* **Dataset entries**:
+ + + + + + +
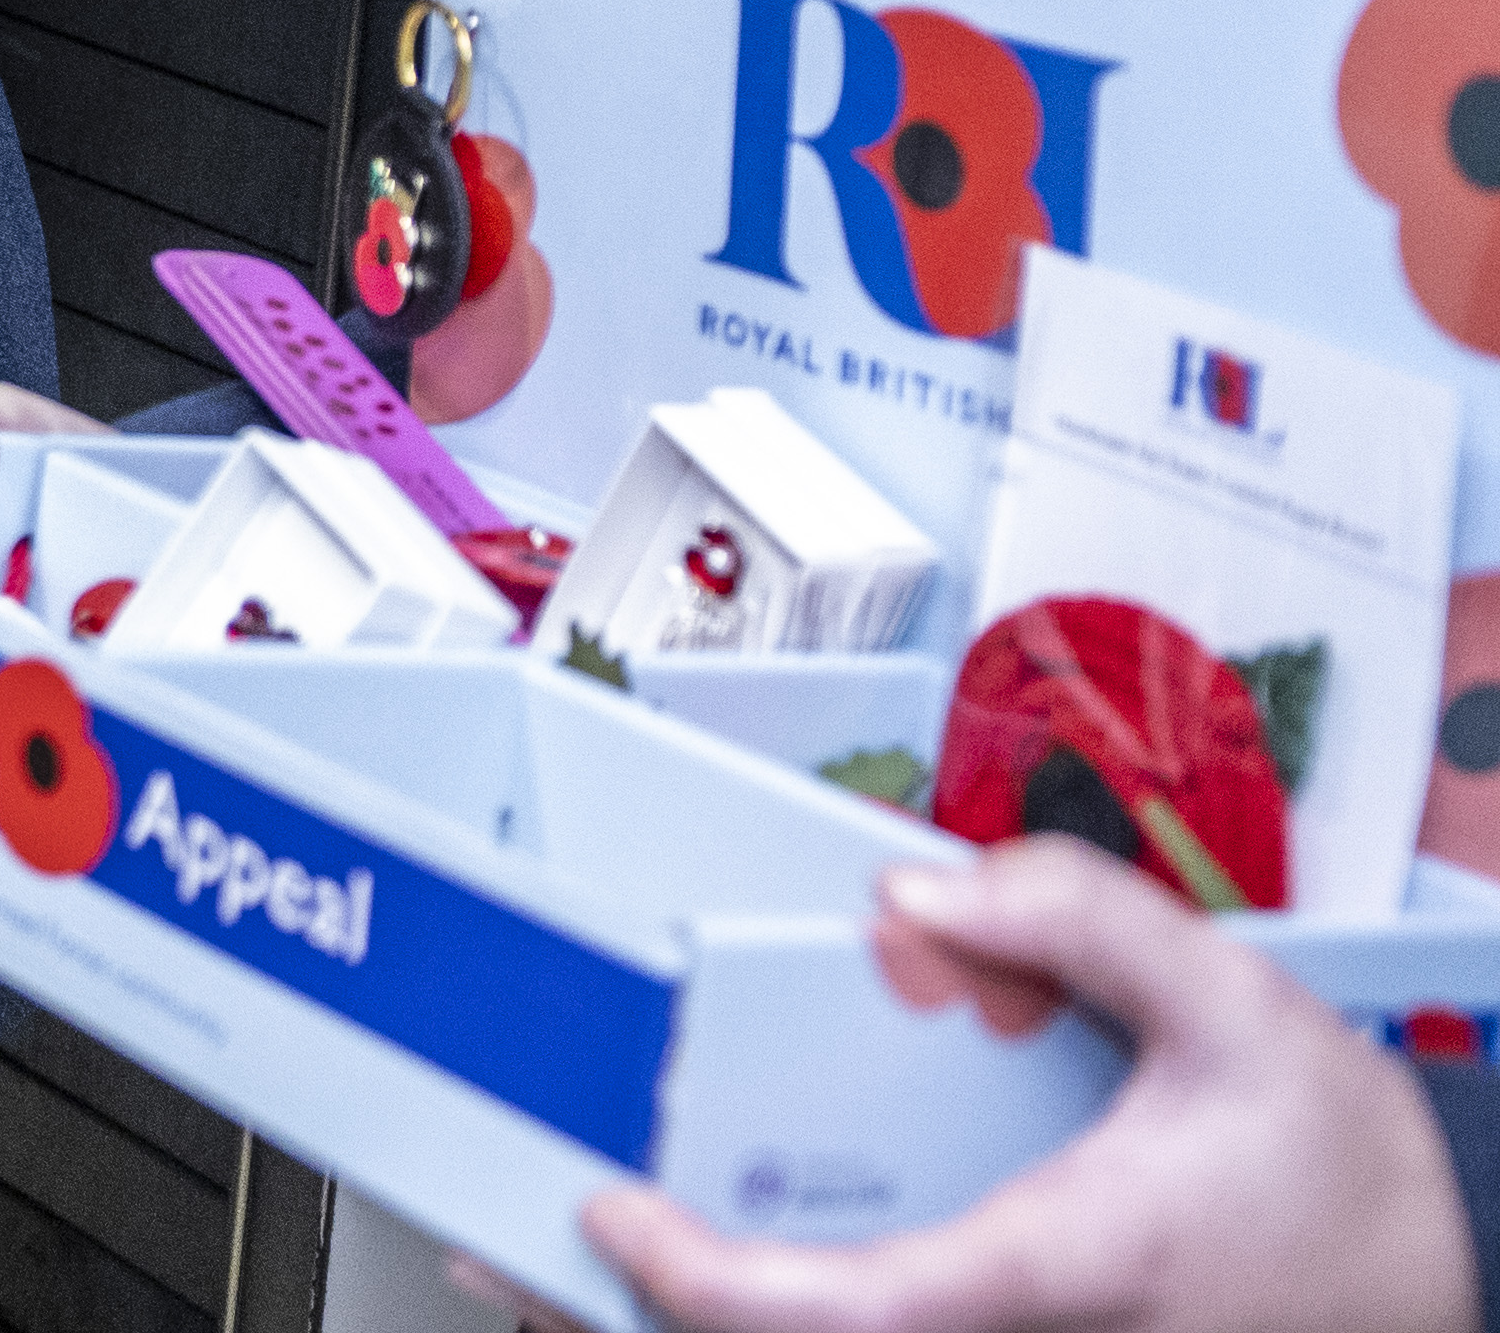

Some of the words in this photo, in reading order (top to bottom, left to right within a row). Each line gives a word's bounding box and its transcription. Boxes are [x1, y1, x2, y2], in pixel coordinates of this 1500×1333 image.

[697, 303, 822, 378] ROYAL
[838, 347, 1012, 434] BRITISH
[127, 769, 374, 966] Appeal
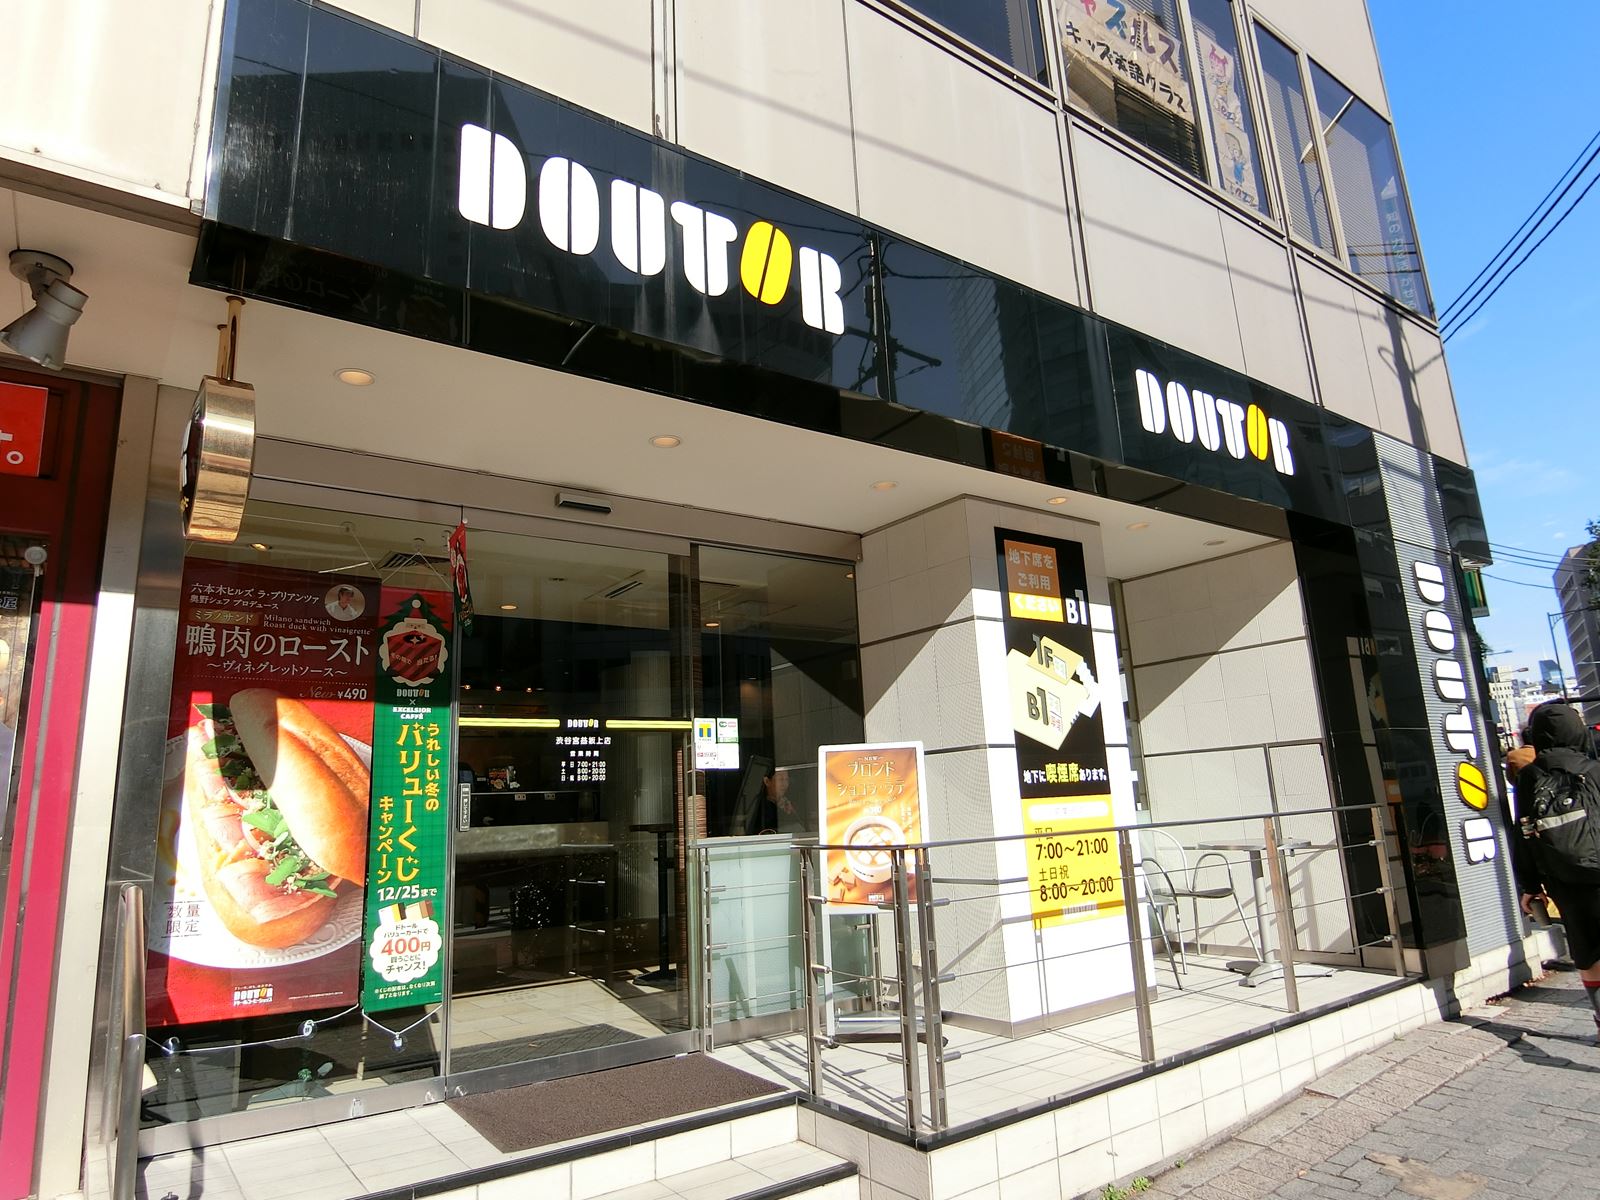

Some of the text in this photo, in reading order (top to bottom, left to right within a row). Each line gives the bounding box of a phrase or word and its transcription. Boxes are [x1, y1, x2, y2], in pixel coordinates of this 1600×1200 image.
+ + + + + + +
The data above must be written out again word for word, without its pictures.

Some of the words in this photo, in reading order (top to bottom, left to right within a row). Each line gives a word's bounding box and its transcription. Boxes are [x1, y1, x2, y2], in pixel coordinates of this 1500×1333 image.

[697, 303, 822, 378] ROYAL
[838, 347, 1012, 434] BRITISH
[127, 769, 374, 966] Appeal

Some of the text in this photo, in reading order (top to bottom, left to right within a row). Each line gives the bounding box of a phrase or word and its transcription. Boxes are [x1, y1, x2, y2], in pixel coordinates of this 1600×1200 image.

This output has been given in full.